Schindler's factory, a few minutes walk away, was just a factory. Here there were lots of concrete buildings. There were photos in the factory windows of the Jews who had worked there and the inside is now a museum and an art gallery, which I didn't fancy looking at (not very keen on museums.) I picked up a leaflet about a tour to Oswiecim (which is better known by its German name of Auschwitz.) Decided visit would be traumatic, not really the right thing for romantic weekend away with husband, better to go as a separate trip in the future.
Went to old part of Kraków. This is beautiful. Cobbled streets (glad I wasn't wearing heels), horse and carriages, ornate churches, weddings (with the bride and groom wearing very synthetic clothes which looked almost like costumes), Prussian architecture, trams, sunshine. There were little markets full of breads and pickles and crafts. Really, it was SO like going to Bruges at Christmas time, but with sunshine!
The churches were dark, full of candles and gilt and oil paintings. I'm not sure what they were used for during the communist reign, when religion was outlawed.
There were street entertainers, ice creams, people with designer dogs. And always, just under the surface, in the back of your mind, the city's troubled history. So much suffering. I don't know how long it takes to forget things like that.

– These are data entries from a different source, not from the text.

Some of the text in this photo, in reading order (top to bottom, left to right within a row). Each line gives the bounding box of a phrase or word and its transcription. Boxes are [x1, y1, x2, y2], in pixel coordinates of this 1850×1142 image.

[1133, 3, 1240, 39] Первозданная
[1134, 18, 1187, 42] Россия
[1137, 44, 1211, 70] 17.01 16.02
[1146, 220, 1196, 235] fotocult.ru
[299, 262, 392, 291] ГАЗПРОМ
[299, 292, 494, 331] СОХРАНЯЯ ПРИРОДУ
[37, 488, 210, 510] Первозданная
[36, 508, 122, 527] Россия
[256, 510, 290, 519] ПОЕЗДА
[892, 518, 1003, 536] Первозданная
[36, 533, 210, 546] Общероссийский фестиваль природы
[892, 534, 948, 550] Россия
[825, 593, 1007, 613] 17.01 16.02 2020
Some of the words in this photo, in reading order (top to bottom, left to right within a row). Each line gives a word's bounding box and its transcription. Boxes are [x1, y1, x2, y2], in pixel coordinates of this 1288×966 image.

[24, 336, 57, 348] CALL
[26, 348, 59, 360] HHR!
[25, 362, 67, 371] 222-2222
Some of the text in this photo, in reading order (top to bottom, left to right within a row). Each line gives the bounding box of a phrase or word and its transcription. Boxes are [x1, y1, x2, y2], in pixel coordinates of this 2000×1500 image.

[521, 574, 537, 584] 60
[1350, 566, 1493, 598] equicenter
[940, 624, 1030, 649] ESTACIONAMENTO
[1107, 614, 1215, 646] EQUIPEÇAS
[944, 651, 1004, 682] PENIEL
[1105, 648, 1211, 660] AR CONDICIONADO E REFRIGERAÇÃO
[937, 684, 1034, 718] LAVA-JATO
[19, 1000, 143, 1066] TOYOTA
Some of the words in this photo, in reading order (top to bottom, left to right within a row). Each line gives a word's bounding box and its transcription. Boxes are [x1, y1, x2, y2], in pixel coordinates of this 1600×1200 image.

We walked for miles. People in Poland do walk, the hotel and Tourist Information told us we could walk to places, which we could, but it was a long walk. Most other countries would've put us into taxis, even though we prefer to walk. It might be why, unlike when you sit and watch people in London, very few people were over weight. I got sore feet. Wore a pair of husband's socks. Looked very silly. Banned him from including my feet in all photographs (which he ignored.)
We caught a train to Warsaw. The station was more like an airport terminal, with all the cars parking on top. You then get a lift down to the correct platform ( yellow timetables show you which platform you need, though our taxi driver also told us.) We had bought our tickets online before we left England (from intercity,pl - we found out how by reading 'the man in seat sixty one', a website that tells you all about train travel in Europe.)
The train arrived on the platform forty minutes before it left, with the doors shut. Lots of anxious people positioned themselves near the doors, worried about luggage space (our seats were pre-booked.) It was fine.
The train was clean, efficient and comfortable. It cost about £40 from Kraków to Warsaw and took two hours. Watching the countryside as it whizzed past the window, it wasn't so different to English countryside, though the buildings were different - especially the churches with onion shaped domes on top.
I will write another time and tell you about Warsaw.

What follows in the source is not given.